Dengan telaten, Ghani mengobati luka di wajah Jeha. Tanpa suara dengan gerakan super hati-hati.
"Udah dong, Ghani... entar mata lo bengkak" Jeha mengusap air mata yang sedari tadi membasahi pipi Ghani. Benar, laki-laki itu tengah menangis tanpa suara.
Ghani tak menjawab, namun tangannya tak berhenti mengoles salep di ujung bibir Jeha yang terluka dan sedikit robek. Hal itu membuat hati Ghani teriris. Sakit. Sangat sakit. Ia menyesal karena telah gagal menjaga gadis yang ia cintai, dan Ghani tidak bisa menahan diri lagi untuk tidak terisak.
"Maaf" tutur Ghani disela isakannya. "Maaf, karena gue gagal jagain lo. Harusnya gue nggak biarin lo perang sendiri di sekolah Jihan. Harusnya gue ikut lo buat nyamar juga supaya bisa jagain lo" Ghani menundukkan wajahnya dan kembali menangis sesenggukan.
Mendengar itu, Jeha tersenyum hangat.

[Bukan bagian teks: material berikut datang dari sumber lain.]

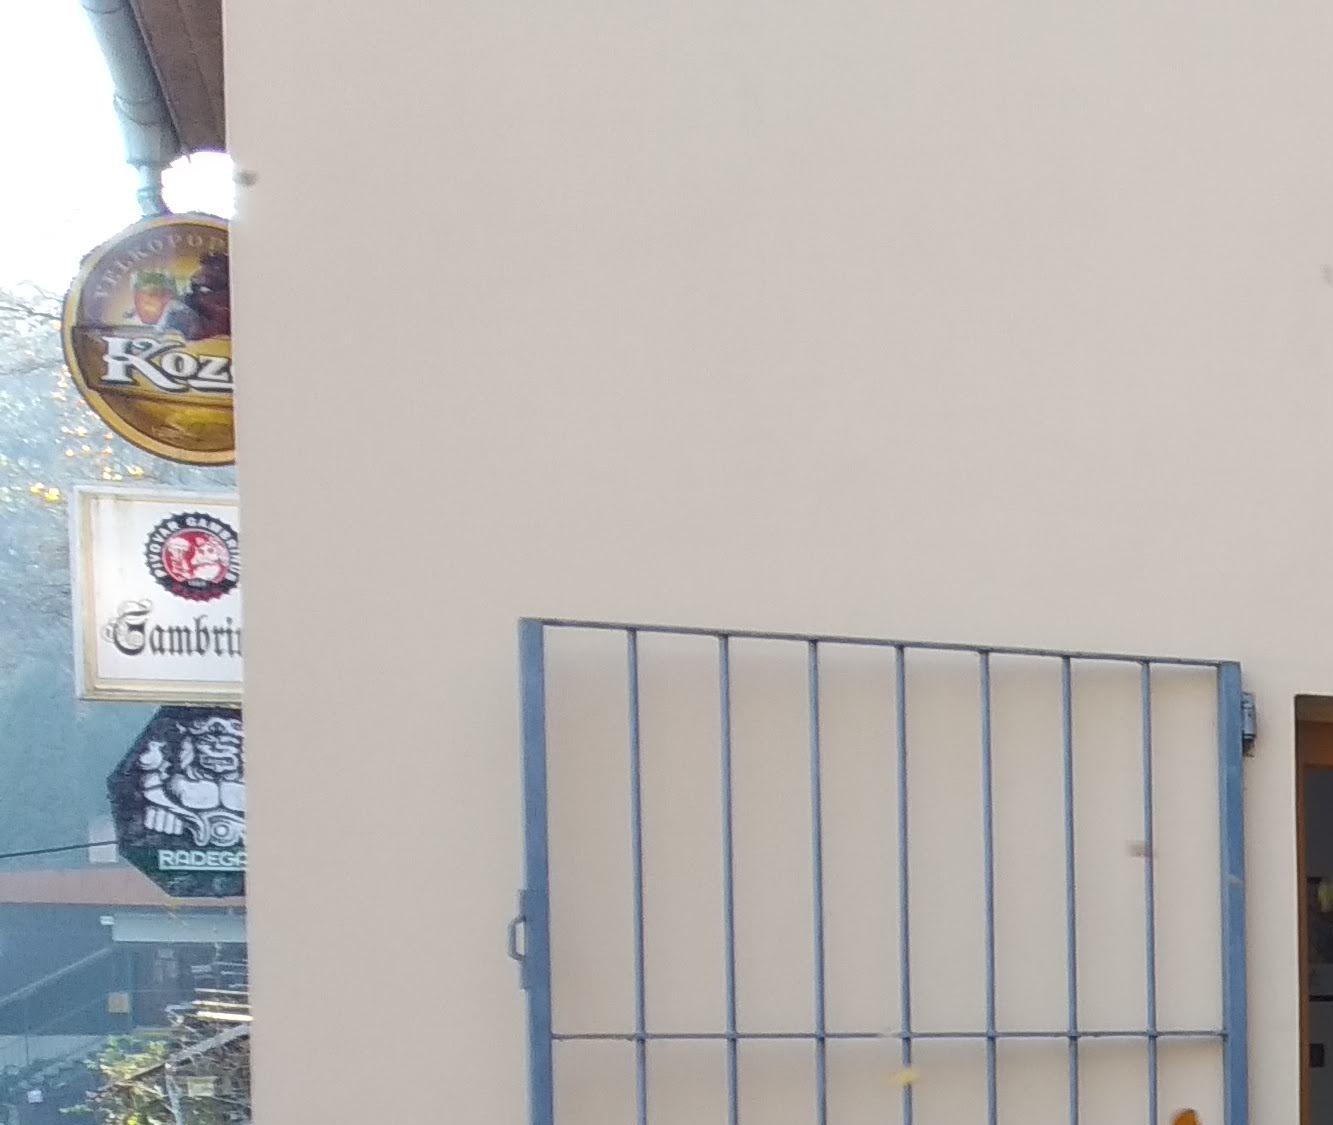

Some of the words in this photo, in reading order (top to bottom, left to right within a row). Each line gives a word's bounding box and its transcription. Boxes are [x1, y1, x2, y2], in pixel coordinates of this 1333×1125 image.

[95, 232, 228, 301] VELKOPOP
[101, 336, 234, 392] Koz
[149, 520, 181, 578] PIVOVAR

Tangannya terulur untuk menyeka air mata Ghani.
"Makasih"
Ghani mendongak sehingga dapat melihat tatapan teduh Jeha untuknya, bahkan bibir gadis itu yang terluka kini menyunggingkan senyum hangatnya.
"Makasih karena selama ini ada untuk gue, selalu dukung gue. Gue bener-bener beruntung punya lo di sisi gue, Ghani. Selain keluarga gue, lo adalah orang yang paling gue sayang di dunia ini" tutur Jeha membuat Ghani tak kuasa menahan diri untuk memeluk Jeha.
"Gue juga sayang sama lo, Jeha. Sayang banget! Please, jangan tinggalin gue. Apapun yang terjadi, lo harus tetep sama gue" ucap Ghani dan tangisnya kembali pecah. Entah mengapa, tiba-tiba perasaan takut kehilangan menyelimuti hati Ghani.
Jeha mengangguk dalam dekapan Ghani. Tangan gadis itu terulur, membalas pelukan Ghani dan mengusap punggung laki-laki yang masih menangis di pundaknya, mencoba menenangkan.
Tanpa mereka sadari, sedari tadi Jihan berdiri di ambang pintu kamar Jeha yang memang sudah terbuka. Awalnya ia baru saja pulang dari kerja kelompok dan mendapati motor Ghani di depan rumah. Namun saat memasuki rumahnya, Jihan malah dikejutkan oleh dua orang yang tengah berpelukan di kamar Jeha.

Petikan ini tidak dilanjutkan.